1. Таганцев в двадцати строках дважды говорит о близости Гумилева к советской ориентации; (подчеркнуто мной - авт.)

2. Прокламации, по его словам, должны были быть поэтическими; (подчеркнуто мной - авт.)

3. Он утверждает, что Шведов просил Гумилева помочь, а не Гумилев напрашивался; (подчеркнуто мной - авт.)

4. Шведов обманул поэта, сказав, что их группа держится за "власть Советов"; (подчеркнуто мной - авт.)

5. Гумилев не согласился примкнуть к заговорщикам и, заподозрив подвох, дал уклончивый ответ; (подчеркнуто мной - авт.)

6. В начале показаний упоминается Герман, однако, ни одного свидетельства его встречи с Гумилевым в материалах дела не содержится. (подчеркнуто мной - авт.)

Гумилев в своих показаниях сообщает о том, что он говорил неоднократно посещавшему его Шведову (Вячеславскому): "Мне, по всей видимости, удастся в момент выступления собрать и повести за собой кучку прохожих".(подчеркнуто мной - авт.)

Как видим, в показаниях по делу не содержится ни одного документа, свидетельствующего о том, что Гумилев составлял прокламации или вел переговоры с кем-то, кто должен был примкнуть к группе Таганцева. (подчеркнуто мной - авт.)

Но зато в обвинительном заключении, составленном следователем Якобсоном, имеется все, чего нет в деле:

"Гражданин Гумилев утверждал курьеру финской контрразведки, что он, Гумилев, связан с группой интеллигентов, которой последний может распоряжаться и которая в случае выступления готова выйти на улицу для активной борьбы с большевиками, желал бы иметь в распоряжении некоторую сумму для технических надобностей".

Откуда, минуя материалы дела, взялась "активная борьба с большевиками"? Из кучки прохожих? И офицеры, с которыми, как говорится в приговоре, Гумилев обещал связать группу Таганцева, упоминаются в деле лишь однажды, да и то в объяснении Гумилева, что он это пообещал легкомысленно, ибо связей с бывшими сослуживцами не поддерживает.

А некий курьер контрразведки? Как он попал в заключительный документ следствия? И почему в показаниях Гумилева зафиксировано, что Гумилев встречался со Шведовым (Вячеславским), а в обвинительном заключении фигурирует Герман?.. Неужели ошибся следователь? А может быть, сознательно ошибся?

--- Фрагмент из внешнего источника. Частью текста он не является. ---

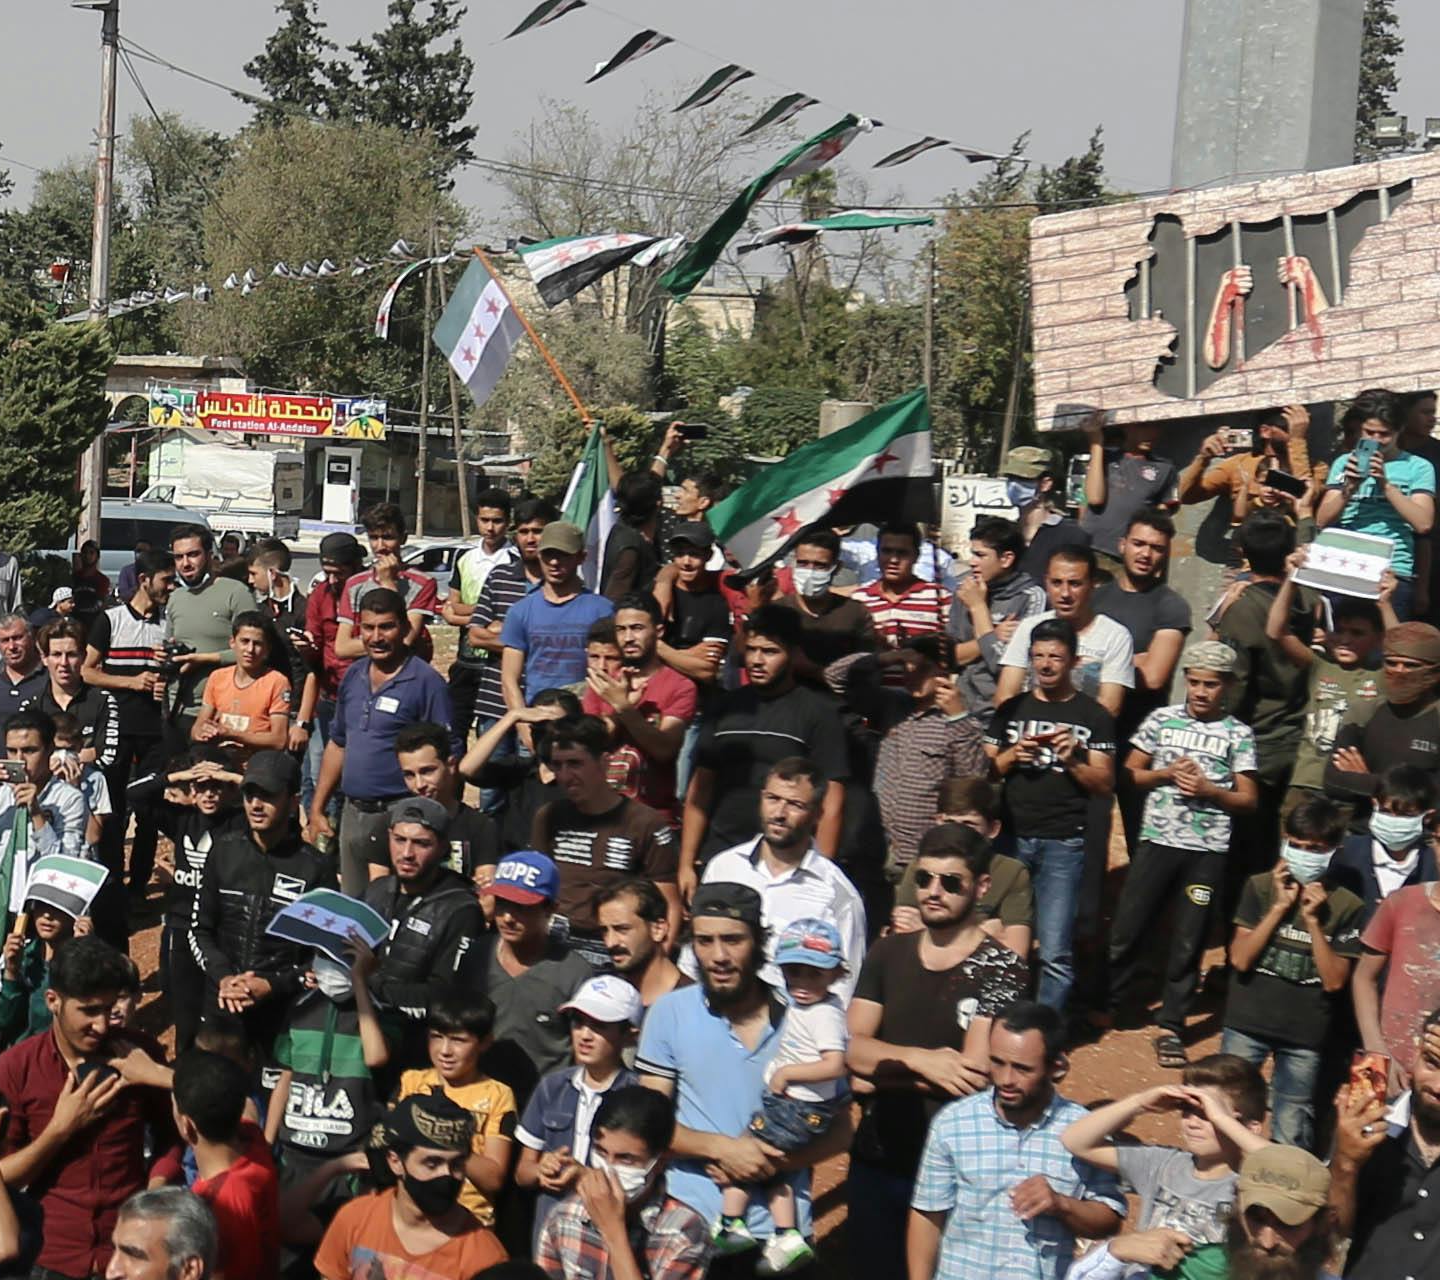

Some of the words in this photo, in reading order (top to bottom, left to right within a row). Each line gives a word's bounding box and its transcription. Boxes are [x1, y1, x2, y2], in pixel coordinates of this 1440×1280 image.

[196, 394, 267, 418] الأندلس
[269, 400, 333, 421] محطة
[211, 418, 231, 428] Fuel
[232, 420, 266, 431] station
[285, 1081, 355, 1120] FILA
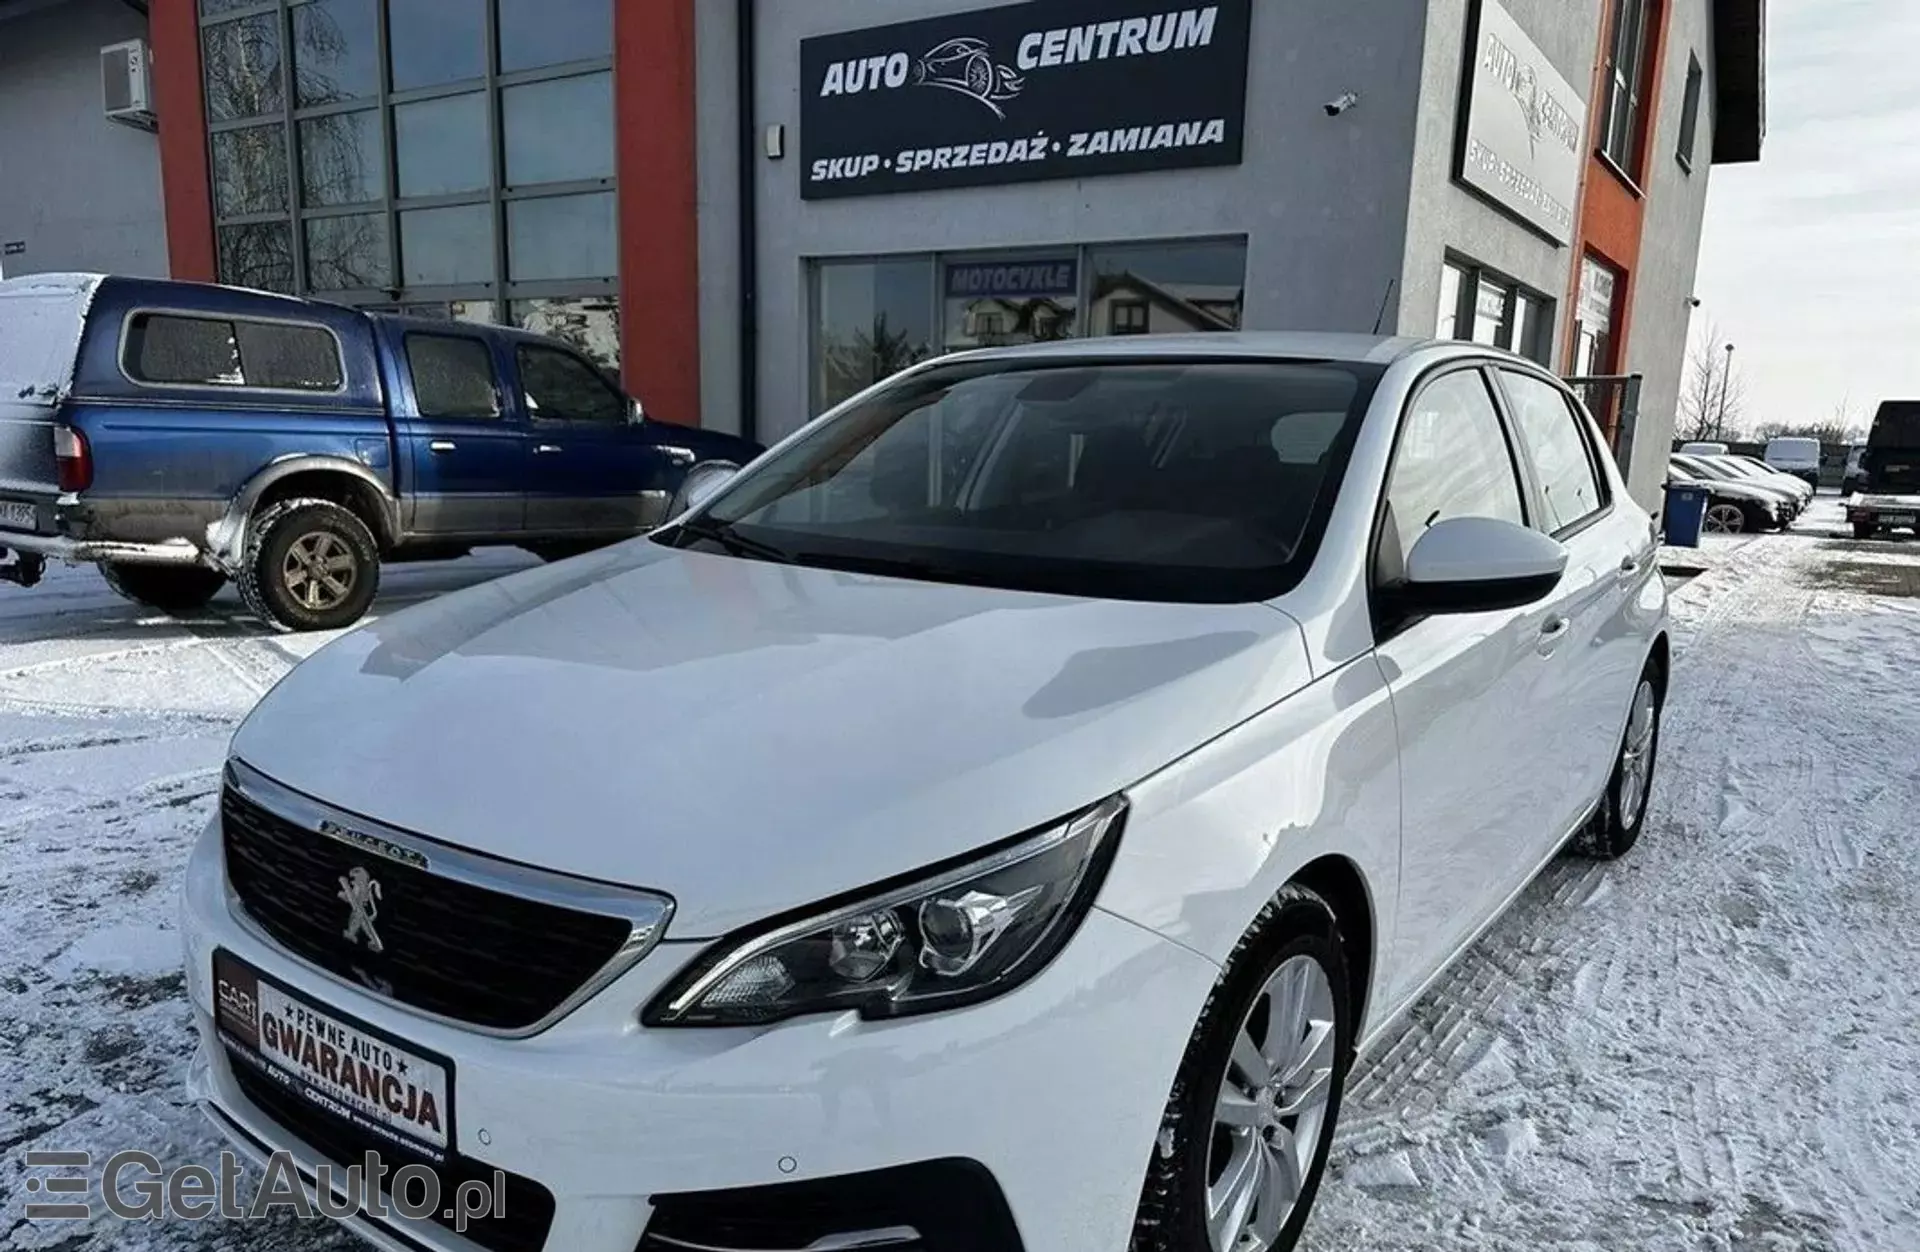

Оказывается, следствие по делу Гумилева установило принадлежность Германа и Шведова к контрразведке. Но этого нет в показаниях Гумилева, поэтому следствие обязано было признать, исходя из презумпции, невиновность Гумилева в эпизоде с предложением сотрудничать в группе Таганцева, ибо не установлено, с кем в действительности говорил Гумилев, с заговорщиком или болтуном. А на нелепый вопрос, будет ли он участвовать в заговоре, ироничный человек, коим был Гумилев, мог вполне съязвить: еще бы! К тому же посетителю надо было оставить где-то деньги - 200 000 рублей. "Надо было оставить" следует из того, что этот посетитель трижды, это видно из материалов дела, просил Гумилева взять их на хранение и в конце концов передал их на хранение, а не на "технические надобности", как написано в приговоре.

Кроме того, смехотворна оставленная Гумилеву сумма. В деле (лист 3 61) имеется расписка Мариэтты Шагинян от 23.07.21 г.: "Мною взято у Н.С.Гумилева пятьдесят тысяч рублей". На "заговорщицкие" деньги она могла приобрести в те месяцы 1921 года разве что немного картофеля или десять самых дешевых марок из тех, что используются внутри города. Сегодня такая марка стоит 2 рубля, стало быть, получил Гумилев, если пересчитать те 200 000 на сегодняшний денежный курс, получится около пятидесяти рублей.